> [Task material]:
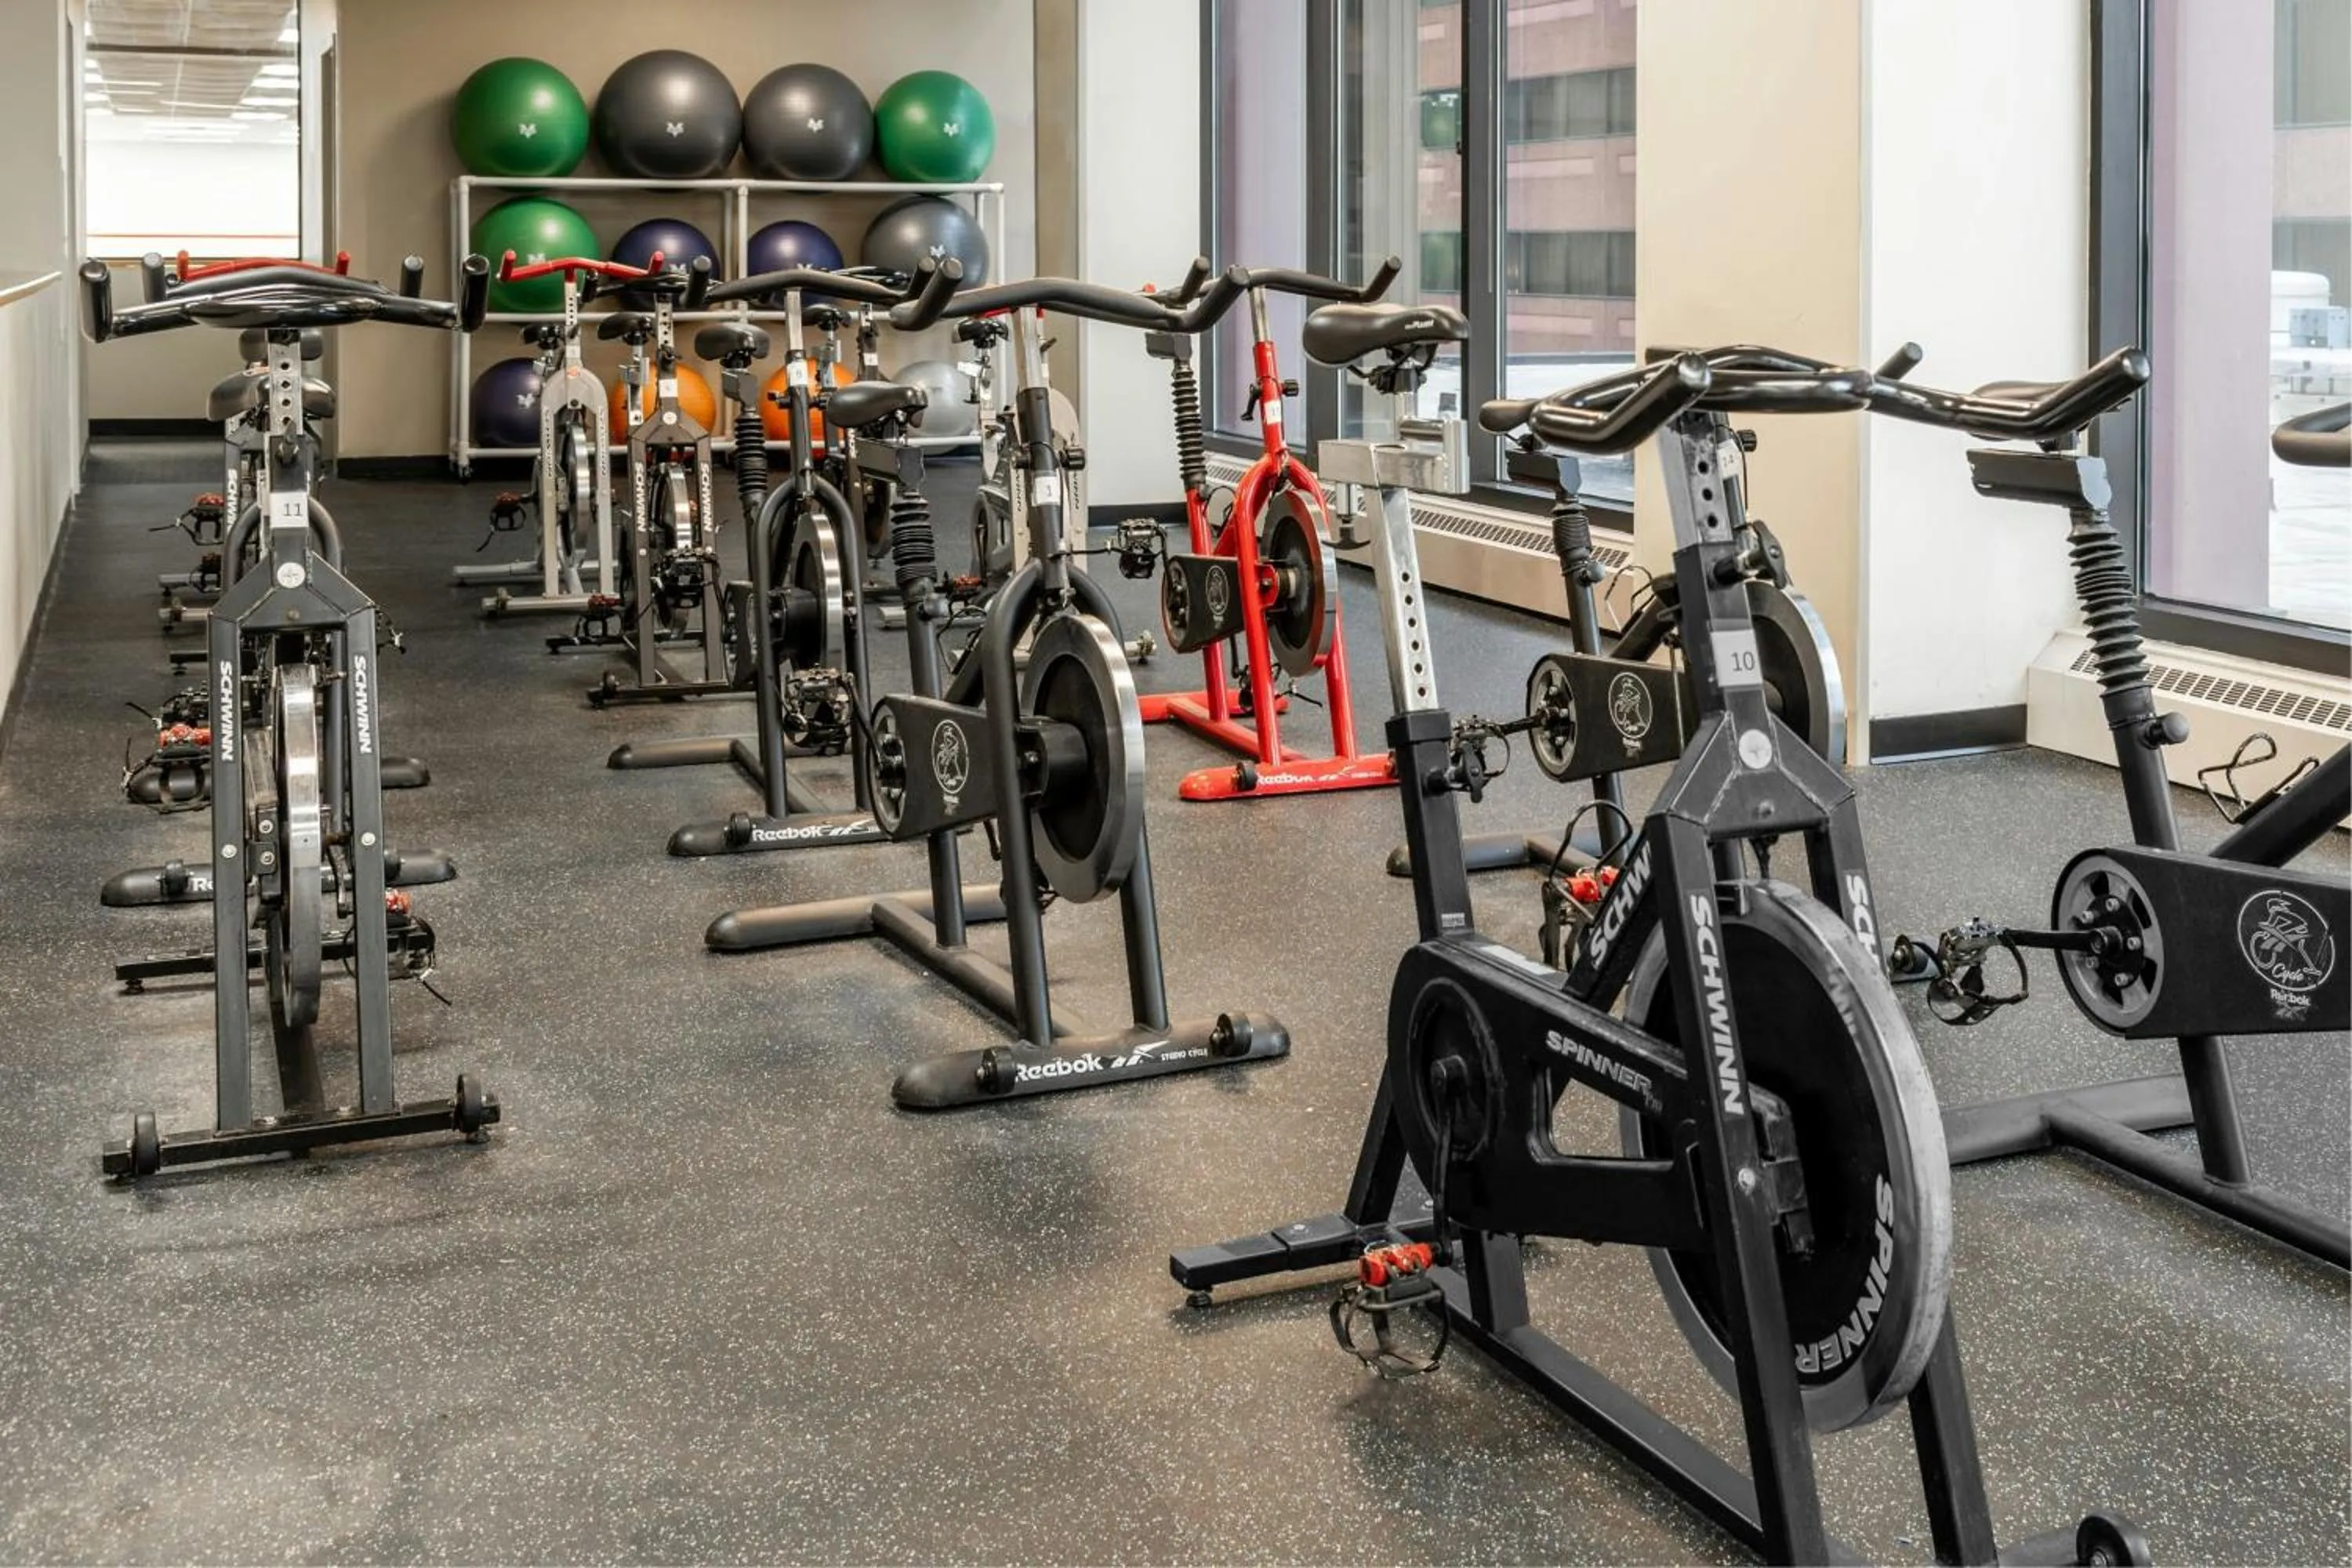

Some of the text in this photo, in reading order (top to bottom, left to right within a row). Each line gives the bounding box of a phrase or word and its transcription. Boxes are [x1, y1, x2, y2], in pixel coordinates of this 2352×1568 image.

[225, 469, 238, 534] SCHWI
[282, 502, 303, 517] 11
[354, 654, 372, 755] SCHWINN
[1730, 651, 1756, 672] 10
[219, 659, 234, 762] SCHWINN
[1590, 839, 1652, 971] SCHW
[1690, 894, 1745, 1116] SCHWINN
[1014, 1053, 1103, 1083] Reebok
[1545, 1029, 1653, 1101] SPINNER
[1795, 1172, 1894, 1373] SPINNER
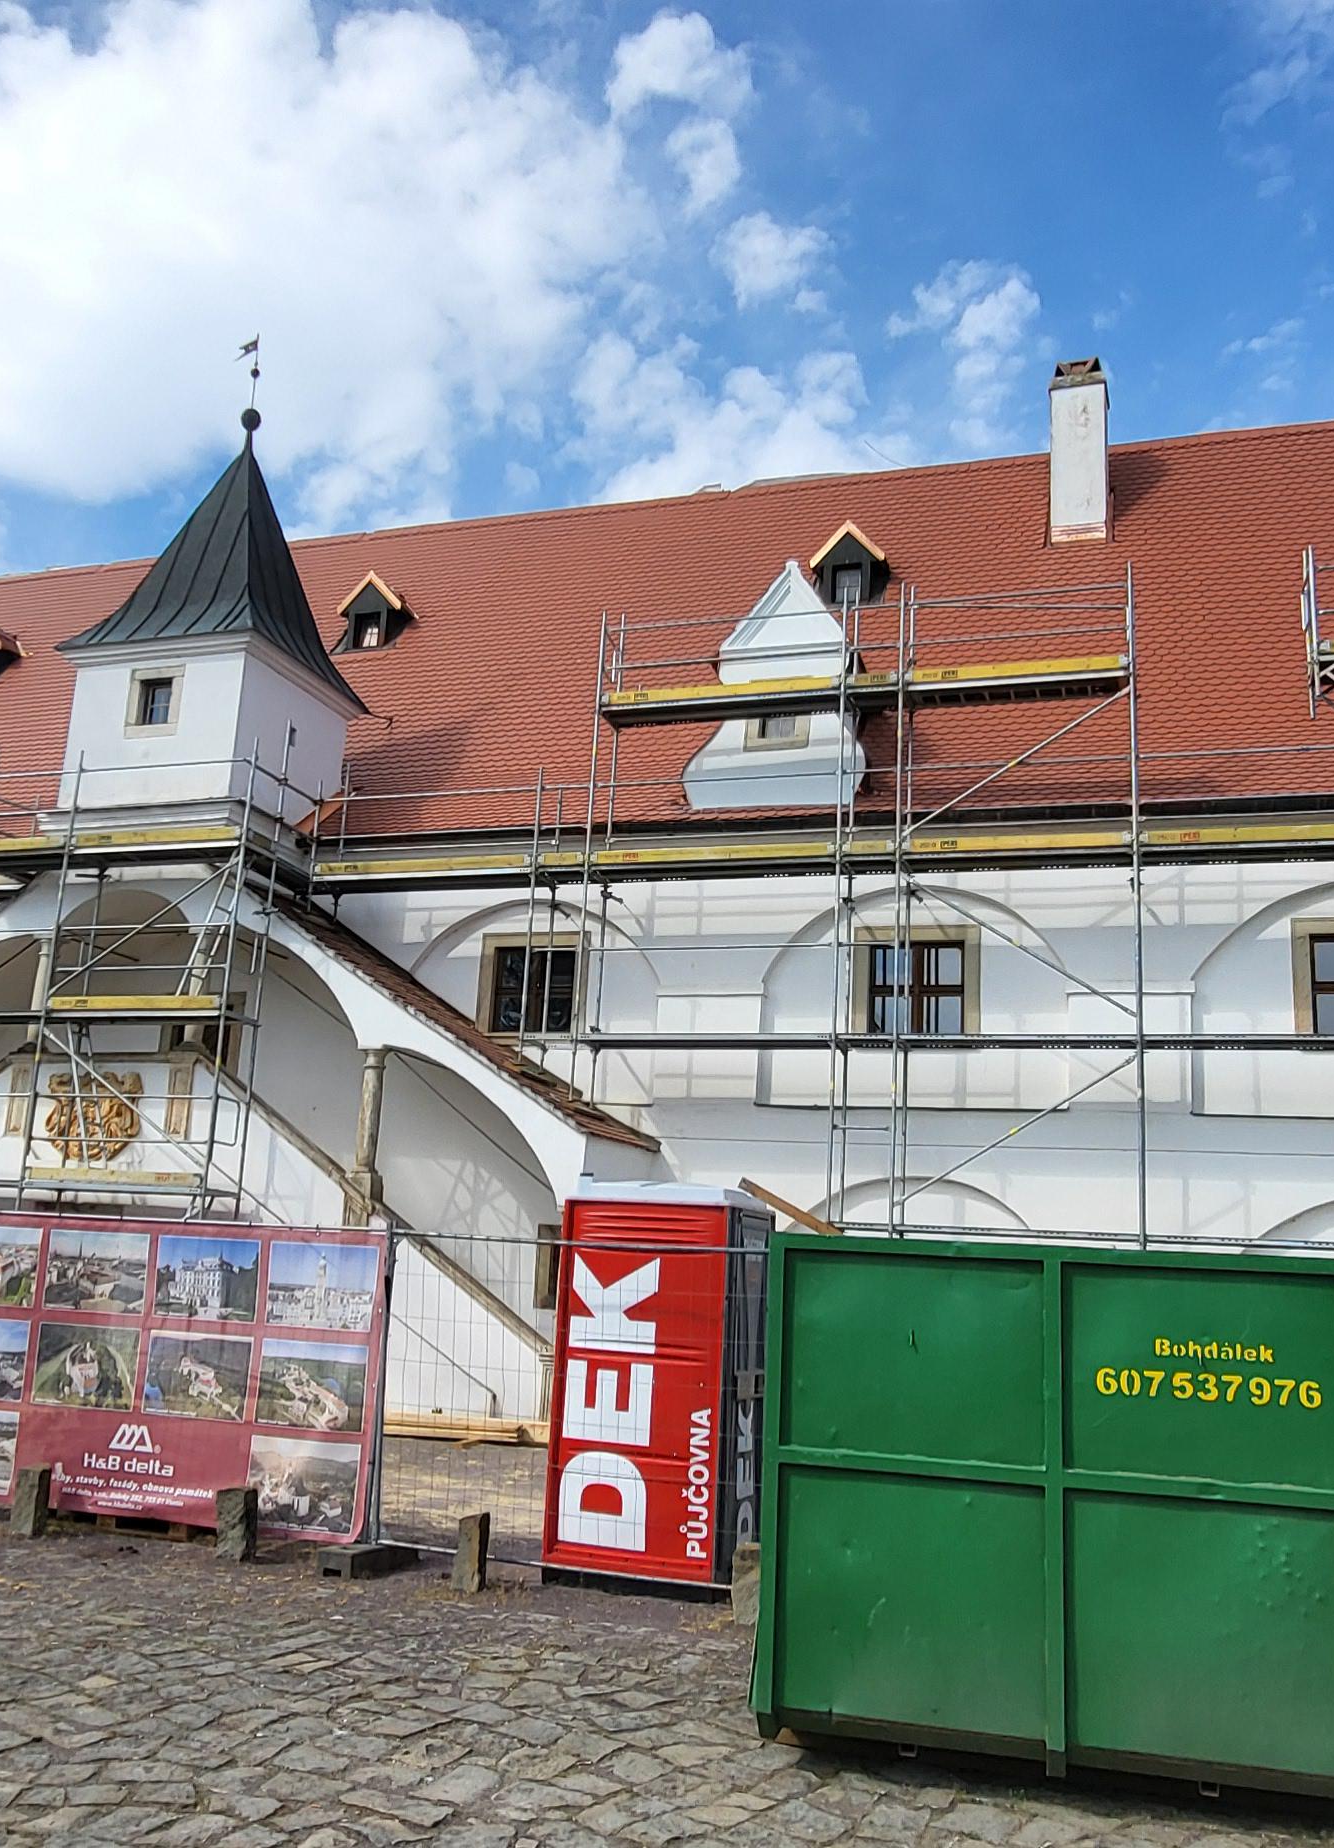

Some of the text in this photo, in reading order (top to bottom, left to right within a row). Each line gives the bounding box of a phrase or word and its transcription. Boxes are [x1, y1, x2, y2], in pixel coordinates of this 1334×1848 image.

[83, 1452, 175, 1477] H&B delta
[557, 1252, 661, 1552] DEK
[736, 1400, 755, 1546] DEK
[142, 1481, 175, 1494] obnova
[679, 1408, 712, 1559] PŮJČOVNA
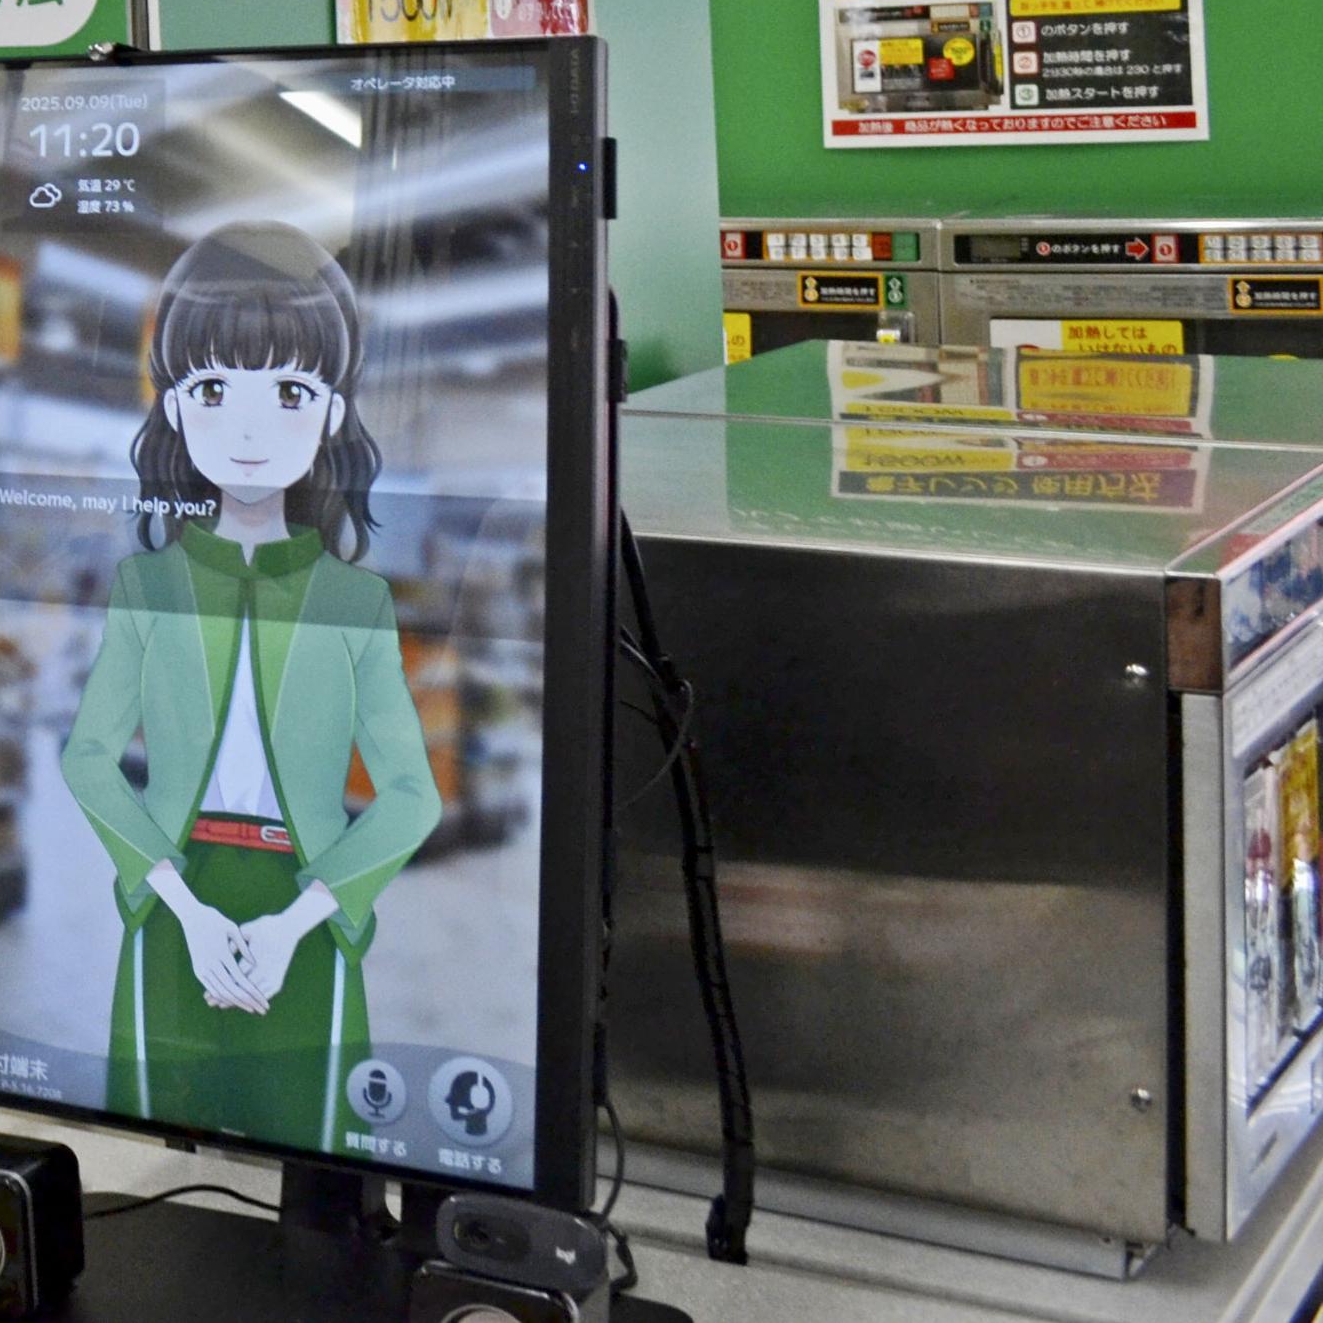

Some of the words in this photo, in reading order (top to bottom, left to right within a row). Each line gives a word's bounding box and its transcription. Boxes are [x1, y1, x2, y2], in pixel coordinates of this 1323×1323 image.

> [Action item]: Pictures excluded, write out exactly and only the lines of the material from the one containing "this 1334×1848 image." up to and including the last line.

> [Answer]:
Some of the text in this photo, in reading order (top to bottom, left to right within a row). Each line gives the bounding box of a phrase or word and its transcription. Boxes are [x1, y1, x2, y2], in pixel coordinates of this 1334×1848 image.

[83, 1452, 175, 1477] H&B delta
[557, 1252, 661, 1552] DEK
[736, 1400, 755, 1546] DEK
[142, 1481, 175, 1494] obnova
[679, 1408, 712, 1559] PŮJČOVNA

Some of the words in this photo, in reading order (top to bottom, left to right within a row). Each line gives a word's bounding box and its transcription. Boxes are [x1, y1, x2, y2], in pixel coordinates of this 1323×1323 image.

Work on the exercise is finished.